SUPPLIED MATERIAL Block Start

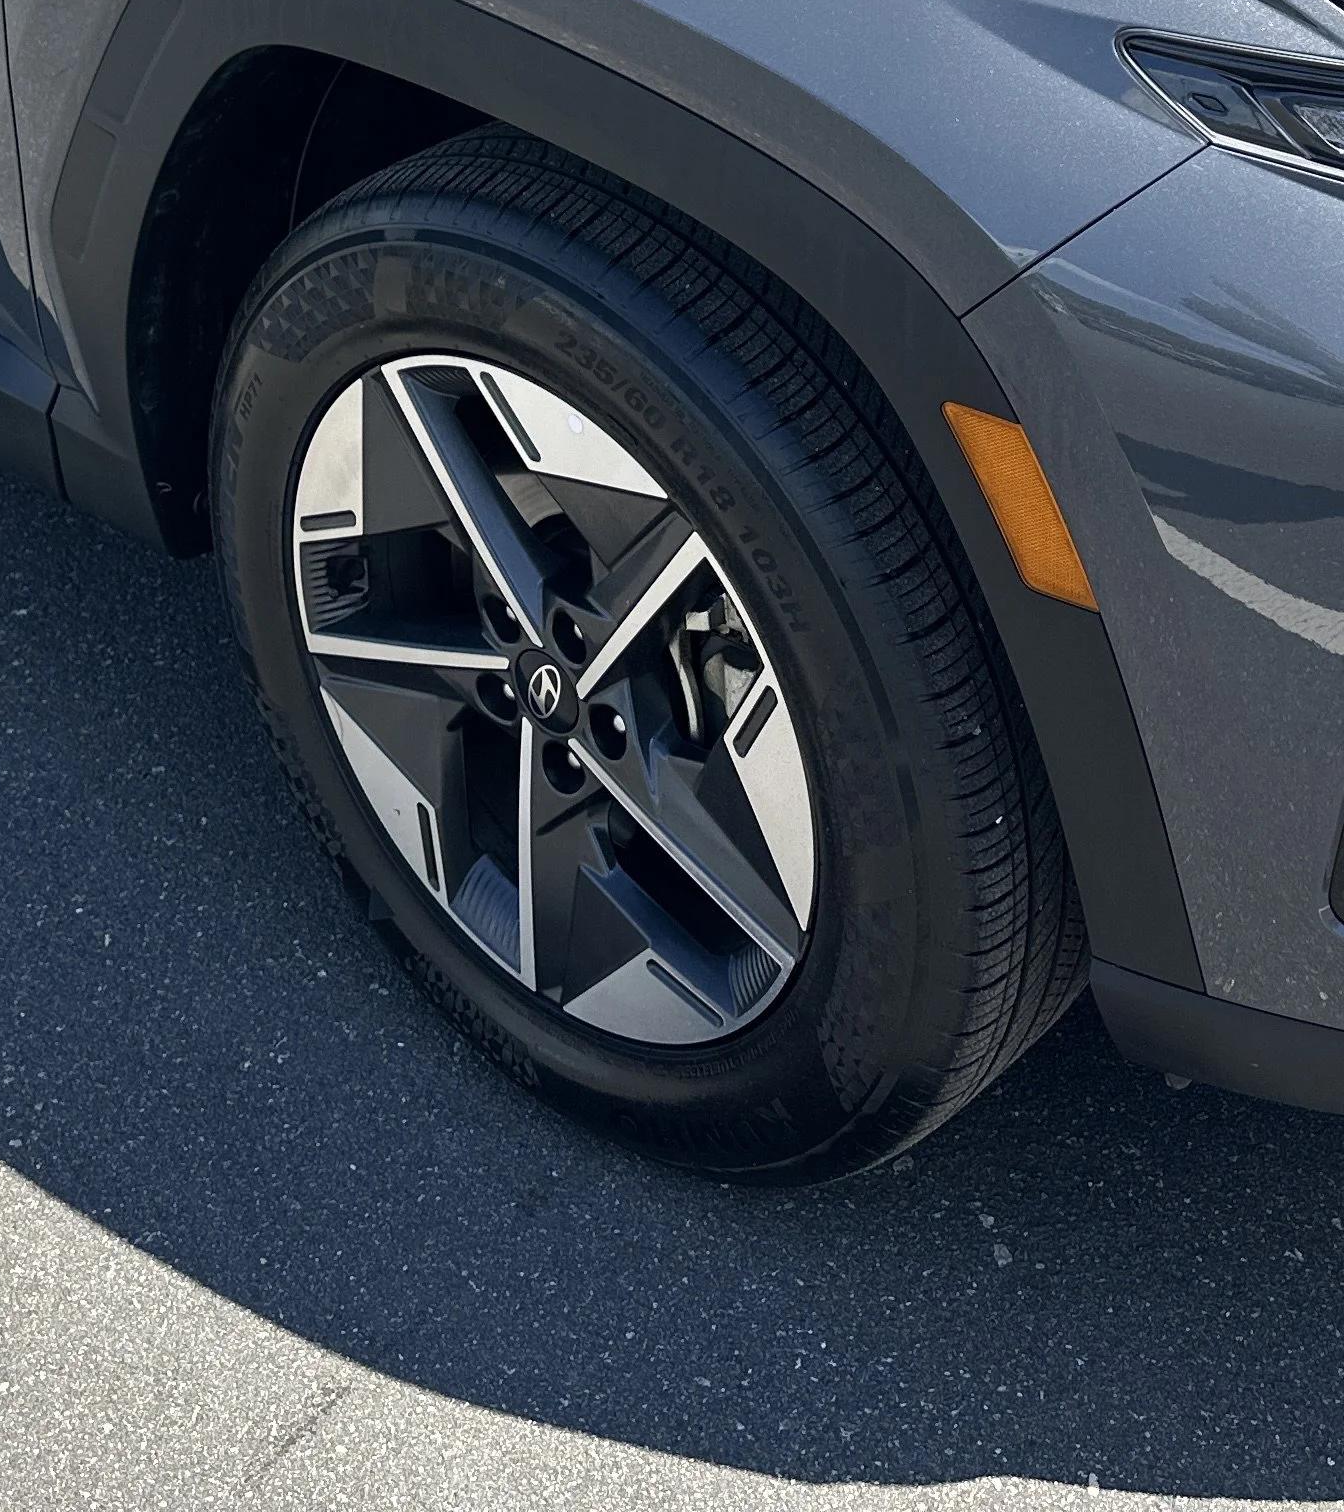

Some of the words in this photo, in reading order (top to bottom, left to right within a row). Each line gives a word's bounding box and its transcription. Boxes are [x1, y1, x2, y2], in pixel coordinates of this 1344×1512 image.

[238, 371, 264, 422] HP71
[555, 330, 667, 431] 235/60
[670, 437, 736, 512] R18
[738, 528, 807, 631] 103H
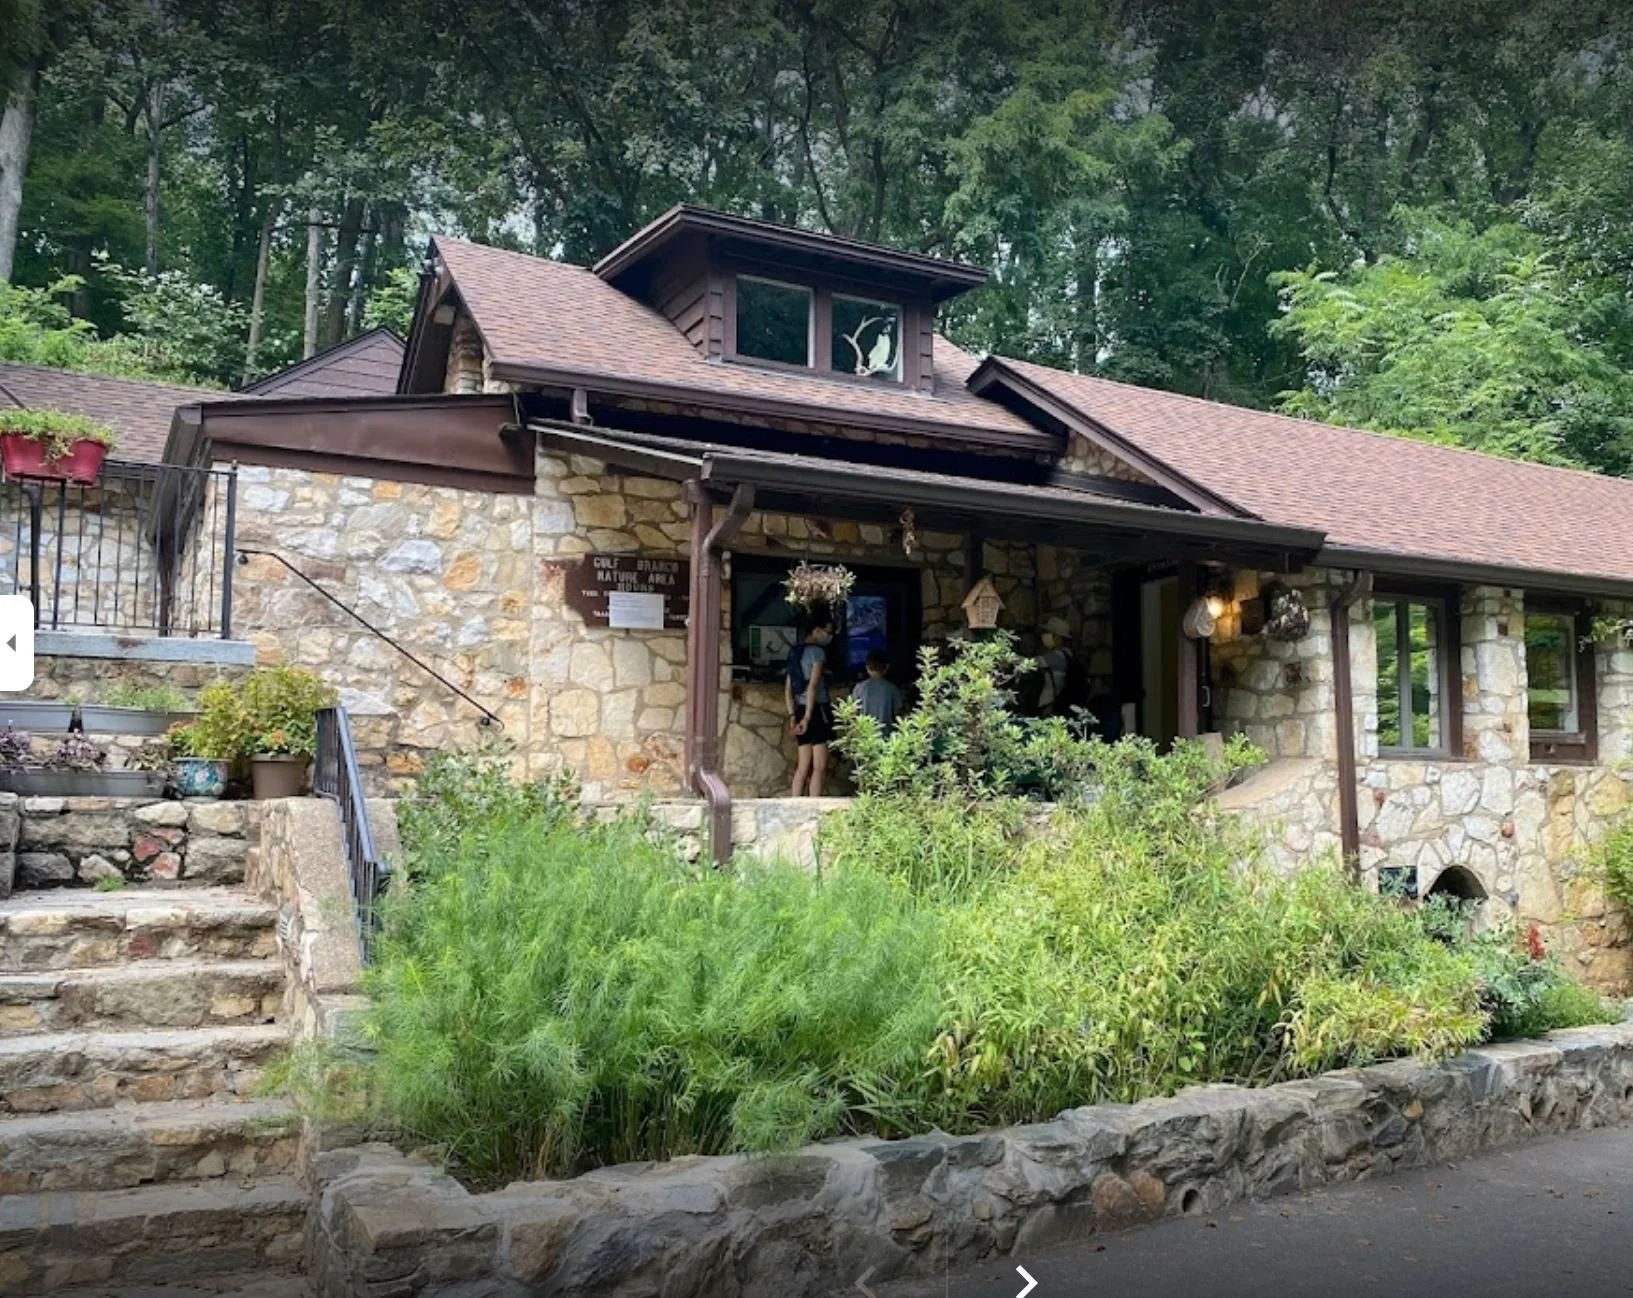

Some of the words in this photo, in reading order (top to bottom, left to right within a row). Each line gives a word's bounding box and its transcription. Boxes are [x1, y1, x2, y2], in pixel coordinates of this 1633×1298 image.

SUPPLIED MATERIAL Block End

TASK TO CARRY OUT:
Repeat the records above exactly, without pictures.

RESPONSE TO THE EXERCISE:
Some of the words in this photo, in reading order (top to bottom, left to right within a row). Each line gives a word's bounding box and its transcription. Boxes are [x1, y1, x2, y2], in pixel coordinates of this 1344×1512 image.

[238, 371, 264, 422] HP71
[555, 330, 667, 431] 235/60
[670, 437, 736, 512] R18
[738, 528, 807, 631] 103H

Some of the words in this photo, in reading order (top to bottom, left to right within a row). Each line gives a word's bounding box and its transcription. Boxes are [x1, y1, x2, y2], in pixel coordinates of this 1633×1298 image.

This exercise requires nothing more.